[Opening Data supplied section]
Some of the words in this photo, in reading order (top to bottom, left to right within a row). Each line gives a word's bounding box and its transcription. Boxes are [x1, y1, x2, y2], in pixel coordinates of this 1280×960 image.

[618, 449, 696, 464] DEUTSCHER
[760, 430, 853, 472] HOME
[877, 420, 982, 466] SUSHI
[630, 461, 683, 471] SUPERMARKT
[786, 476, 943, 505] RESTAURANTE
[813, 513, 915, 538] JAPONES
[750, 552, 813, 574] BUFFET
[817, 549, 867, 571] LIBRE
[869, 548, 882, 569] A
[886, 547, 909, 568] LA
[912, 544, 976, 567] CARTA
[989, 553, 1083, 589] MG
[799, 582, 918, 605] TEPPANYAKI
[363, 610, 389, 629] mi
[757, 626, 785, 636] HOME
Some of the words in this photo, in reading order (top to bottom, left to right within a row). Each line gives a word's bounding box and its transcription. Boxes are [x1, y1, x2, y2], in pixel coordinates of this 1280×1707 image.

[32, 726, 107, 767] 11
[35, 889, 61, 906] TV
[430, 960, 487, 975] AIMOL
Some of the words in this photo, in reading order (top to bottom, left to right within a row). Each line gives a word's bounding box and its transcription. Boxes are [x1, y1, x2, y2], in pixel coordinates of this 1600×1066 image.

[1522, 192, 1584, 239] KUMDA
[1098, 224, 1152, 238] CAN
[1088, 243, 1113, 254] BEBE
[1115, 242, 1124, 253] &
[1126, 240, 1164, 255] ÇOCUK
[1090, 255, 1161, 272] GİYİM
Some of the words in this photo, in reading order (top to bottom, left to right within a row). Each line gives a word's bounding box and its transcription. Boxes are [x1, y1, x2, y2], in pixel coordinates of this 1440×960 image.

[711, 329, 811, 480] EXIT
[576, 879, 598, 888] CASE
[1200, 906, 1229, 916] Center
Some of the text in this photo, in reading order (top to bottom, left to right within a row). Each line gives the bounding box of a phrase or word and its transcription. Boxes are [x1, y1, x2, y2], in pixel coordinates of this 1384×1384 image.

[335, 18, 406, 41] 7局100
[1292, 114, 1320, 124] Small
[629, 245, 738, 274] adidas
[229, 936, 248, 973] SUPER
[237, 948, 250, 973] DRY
[Closing Data supplied section]
| What you are asked to do |
Set down exactly, and only, the lines from the one containing "Some of the text" through the final line of the entries above.

| Output below |
Some of the text in this photo, in reading order (top to bottom, left to right within a row). Each line gives the bounding box of a phrase or word and its transcription. Boxes are [x1, y1, x2, y2], in pixel coordinates of this 1384×1384 image.

[335, 18, 406, 41] 7局100
[1292, 114, 1320, 124] Small
[629, 245, 738, 274] adidas
[229, 936, 248, 973] SUPER
[237, 948, 250, 973] DRY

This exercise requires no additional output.